# Will gas locker hold an 11 and 6Kg Gaslow



## colonel (Oct 11, 2008)

I'm having a Gaslow system fitted on Friday but it looks like I won't be able to get an 11Kg Gaslow alongside my existing 6Kg Propane which is the way I wanted it set up.

The plan was to install an autp-changeover so that if the Gaslow 11Kg ran out it would switch to the spare Propane bottle.

However, the locker looks so small that it won't accomodate the larger bottle. Anyone had this configuration on their Voyager? Or do Swift know what can fit in there.

Any advice or help would be much appreciated. 8) 8)


----------



## ovalball (Sep 10, 2008)

Had the same problem with my voyager so will watch with interest.At the moment just running on 1 gaslow cylinder.Can't see any other way,but it does kind of defeat the object. :roll:


----------



## SwiftGroup (Jun 27, 2007)

*Gas*

I have seen your posts and will let you know

regards
Kath


----------



## Rapide561 (Oct 1, 2005)

*Gaslow*

Hi

Is anyone able to provide the dimensions of the 11kg cylinder as this may be of help...

Russell


----------



## kennyo (Mar 22, 2006)

Hello
I thought the Swift Kon-tiki 679 had room for 2 x 13kg gas bottles is this not the case


----------



## Rapide561 (Oct 1, 2005)

*Gas*

Hi Kennyo

Yes indeed. My 679 has 2 x 13 kg Calor cylinders in it. The previous van was the same, later converted to Gaslow.

I raised the point about dimensions for the Gaslow cylinders as this might help Kath or whoever determine what the locker can actually hold on a Voyager.

Russell


----------



## peejay (May 10, 2005)

Gaslow 6kg 492mm High x 246mm Dia

Gaslow 11kg 580mm High x 304mm Dia

Pete


----------



## colonel (Oct 11, 2008)

You guys are sooooooo helpful. Thanks a million. Ovalball, how long does the 11Kg last you? The option is I suppose to have a 6kg Gaslow and the 6kg Propane, but if that only lasts as long as an 11kg Gaslow then I may as well just have the 11kg on it's own and then I won't need more stainless steel pipes and an autochange connector etc.


----------



## kennyo (Mar 22, 2006)

Hi
I have one of each the gaslow is used all the time and calor as a back up its worked ok so far but as there is more and more lpg filling stations I would think more about going for all gaslow. 

Russel = thought it was your mh being changed to gaslow


----------



## ovalball (Sep 10, 2008)

As ! only have the one bottle I tend to top it up everytime I go out !So not really sure how long it lasts.I have fitted a guage on it but they are really only a rough guide


----------



## short-stick (Jul 23, 2007)

Not same motorhome but this might help.
I have a Bessacarr E560, the locker is big enough for 2 6kg calor bottles, but not an 11kg Gaslow and 6kg bottle.
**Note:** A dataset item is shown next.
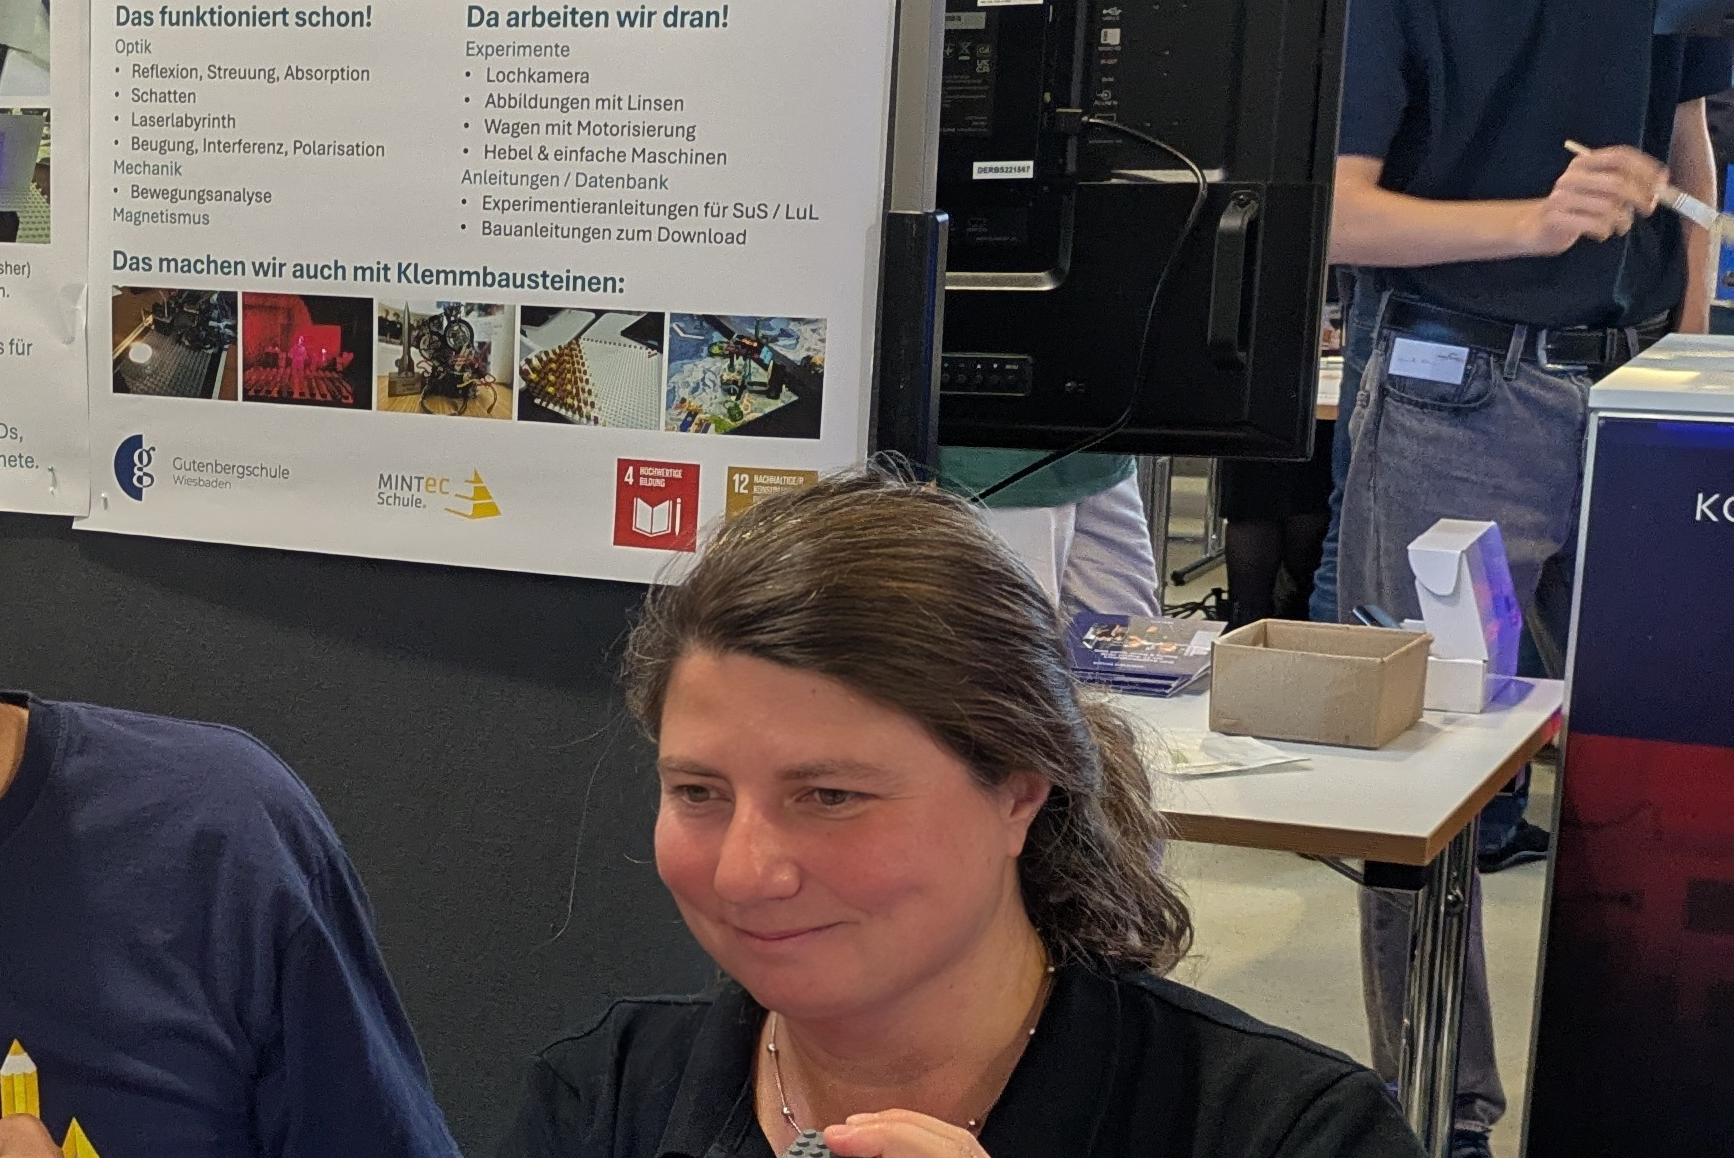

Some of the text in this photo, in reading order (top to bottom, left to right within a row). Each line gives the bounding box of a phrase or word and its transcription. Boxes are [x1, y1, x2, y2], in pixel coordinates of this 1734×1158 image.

So I have fitted an 11kg Gaslow and a 3.5kg Calor Propane Cylinder. The Calor is just in case I ever run out or to tide me over until i refill the gaslow. Benefit is less weight and a lighter cylinder to change at the dealers. Just how much gas do you need to carry before you see another refill point?


----------



## Spacerunner (Mar 18, 2006)

short-stick said:


> Just how much gas do you need to carry before you see another refill point?


Good point.

I started with a 6k gaslow and a 6k calor.

After a two month tour of northern England and remote parts of Scotland, I found that I had only topped up the gaslow and the calor had remained unused. I was able to do this because of the frequency that we cme upon LPG outlets.

As soon as I got back I exchanged the calor for a 13k gaslow and still only just top up the one tank.


----------



## BIGLAD (Oct 8, 2007)

*Gaslow*

We have two 11k that replaced the two 13k calor cylinders. The space looked very small but they fit a treat.
On second bottles and the gauges still don't work. That said no cheaper way to buy gas.

Good luck
Chris & Maurice


----------



## colonel (Oct 11, 2008)

Hi Biglad,

But the space in the Voyager not only looks small, it IS small.

:wink:


----------



## jonse (Nov 2, 2008)

peejay said:


> Gaslow 6kg 492mm High x 246mm Dia
> 
> Gaslow 11kg 580mm High x 304mm Dia
> 
> Pete


 If you have a Swift s/d the gas door is only 270mm so not much help in getting an 11kg in as i said to kath swift need to increase door size to400x500 would make life easy for all. will look to see if can get a 6kg one here in, France.


----------



## colonel (Oct 11, 2008)

Well thanks everyone for your help. We had the system fitted yesterday at Premier Motorhomes in Chichester West Sussex.

The best we could do was an 11kg in the locker. We will get a small 3.5 propane as a spare. Premier guys did an excellent job so thanks to Chris Sean and the team. Can thoroughly reccommend them. Reasonable price too.


----------



## premiermotorhomes (Feb 13, 2008)

It was lovely to meet you both yesterday! Remember, the kettles always on if your down in the future, so by all means pop in and say hello. 
Also, thank you very much for your kind comments.

Take care!

Regards,
Chris
Premier Motorhomes of Chichester


----------



## jonse (Nov 2, 2008)

Try again!
I looked up the price for 1 GPL bottle at ProAccecessories in France. The price is 692.50 Euros -for a 13 kilo bottle.
If anyone is coming down my way I will ask them to bring 100 x 6 kilo bottles as methinks there is a handsome profit to be made here somewhere!!
:roll:


----------



## pippin (Nov 15, 2007)

Can we have that in English please, you have lost me!


----------